On February 1, the Cooper-Hewitt, National Design Museum, will launch the first three titles in its new DesignFile line of e-books on design writing and research. According to a press release, DesignFile will publish “at least six to 12 titles annually during its first three years.”
The debut e-books are The Miser’s Purse by Laura Camerlengo, Hacking Design by Avinash Rajagopal, and my own Design Cult. Each will be priced at $2.99.
“Through DesignFile, Cooper-Hewitt is able to reach new audiences who want great design content quickly on a mobile device—the devoted groups who are passionate about design practice, theory and the pure aesthetics,” Caroline Baumann, the Cooper-Hewitt’s acting director, said in the press release. “By partnering with universities whose graduate students generate much of this cutting-edge thought, this new publishing platform will broadly increase public access to design scholarship and resources.”
Here’s more from the Cooper-Hewitt on the first books to be released:
In Design Cult, Heller reaches into the most contemplative recesses of his mind to offer an entertaining new collection of ruminations on the nature and future of design. A renowned designer, author, critic, co-chair, MFA Design Department, School of Visual Arts and National Design Award recipient, Heller expounds on such disparate topics as Milton Glaser, Japanese masks, velvet touch lettering, anthropomorphism and people in glass apartments.
The Miser’s Purse, originally written by Camerlengo as a thesis for the Parsons/Cooper-Hewitt Master’s program, tells the compelling story of how a small, decorative purse became deeply embedded in 19th-century Victorian popular culture. Known at the time as long purses, gentlemen’s purses or simply purses, they came to be called miser’s purses because their diminutive openings made it difficult to retrieve coins. The e-book contains 29 images and a video of the author demonstrating how to use a miser’s purse.

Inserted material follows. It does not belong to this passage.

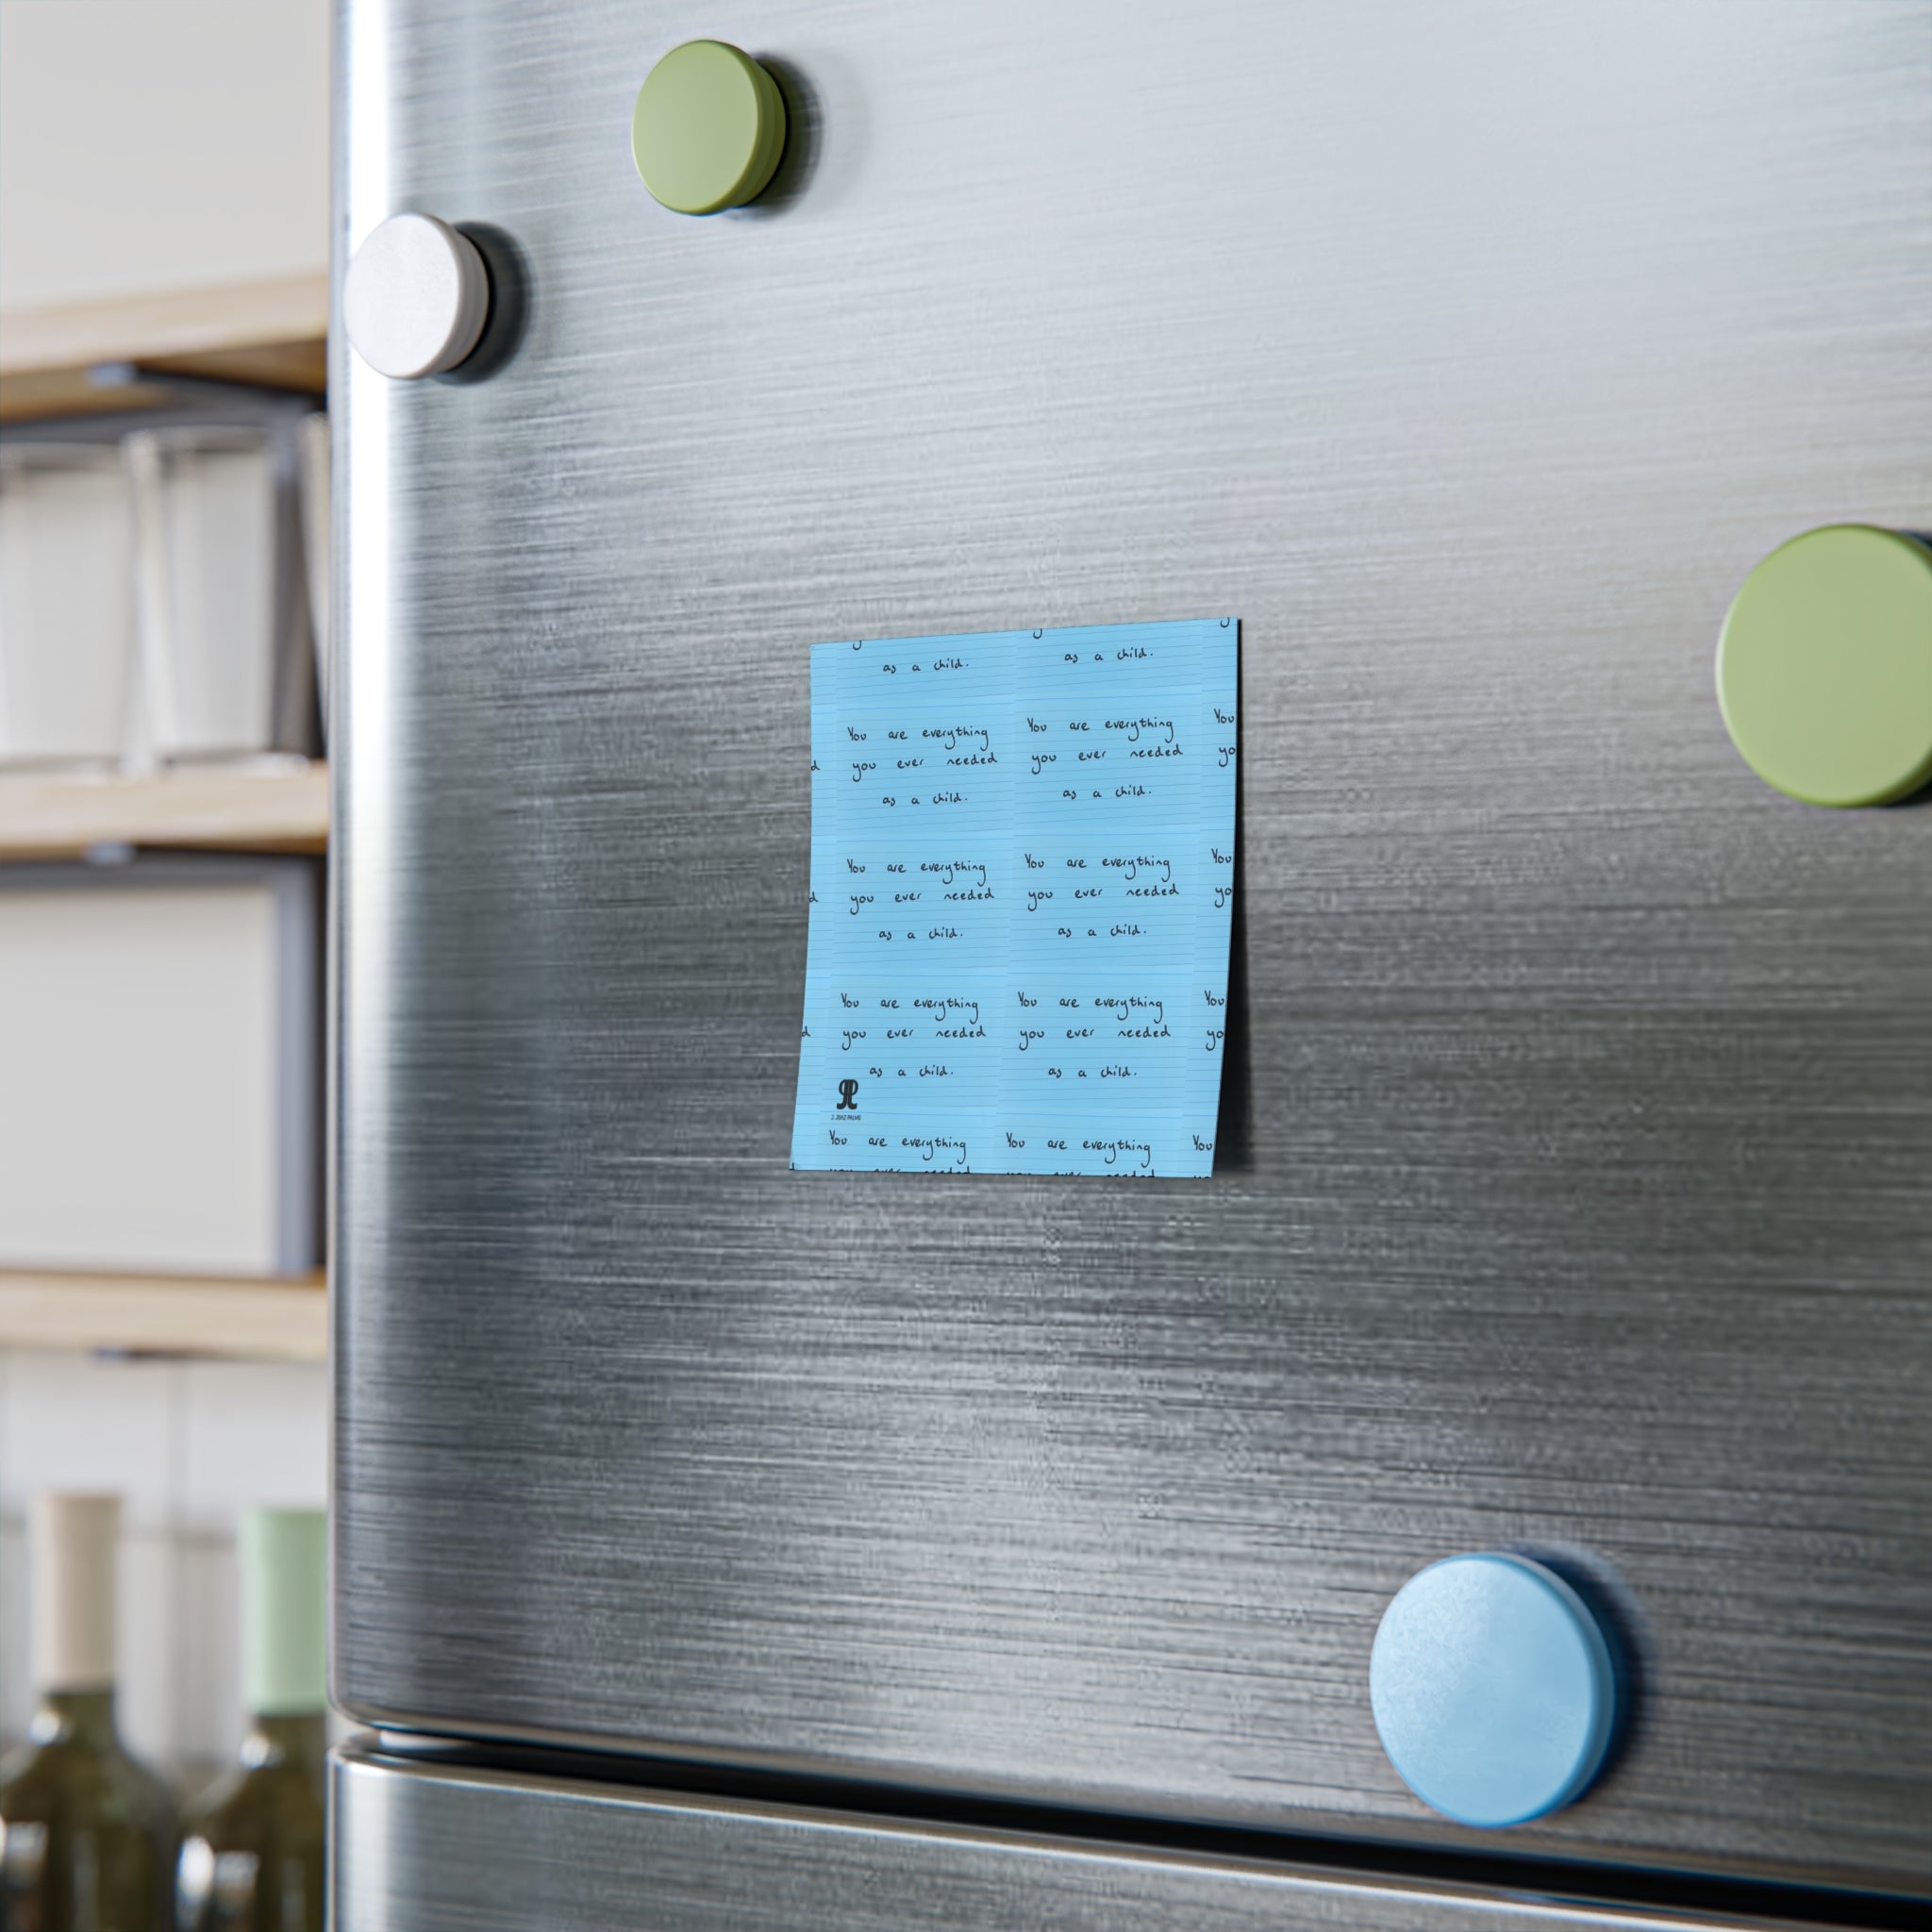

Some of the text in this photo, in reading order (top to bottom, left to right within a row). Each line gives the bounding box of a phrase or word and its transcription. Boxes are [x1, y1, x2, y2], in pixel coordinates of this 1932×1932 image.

Originally written by Rajagopal as a thesis for the School of Visual Arts Master’s of Fine Arts program in design criticism, Hacking Design examines both common histories and persisting misunderstandings between hackers and designers and uncovers shared ground on which the two creative communities can work together. Rajagopal nimbly skips between the computer and design communities, from Makerbot to the Hacking Ikea site, from 3-D printing to DIY, providing 23 illustrated examples.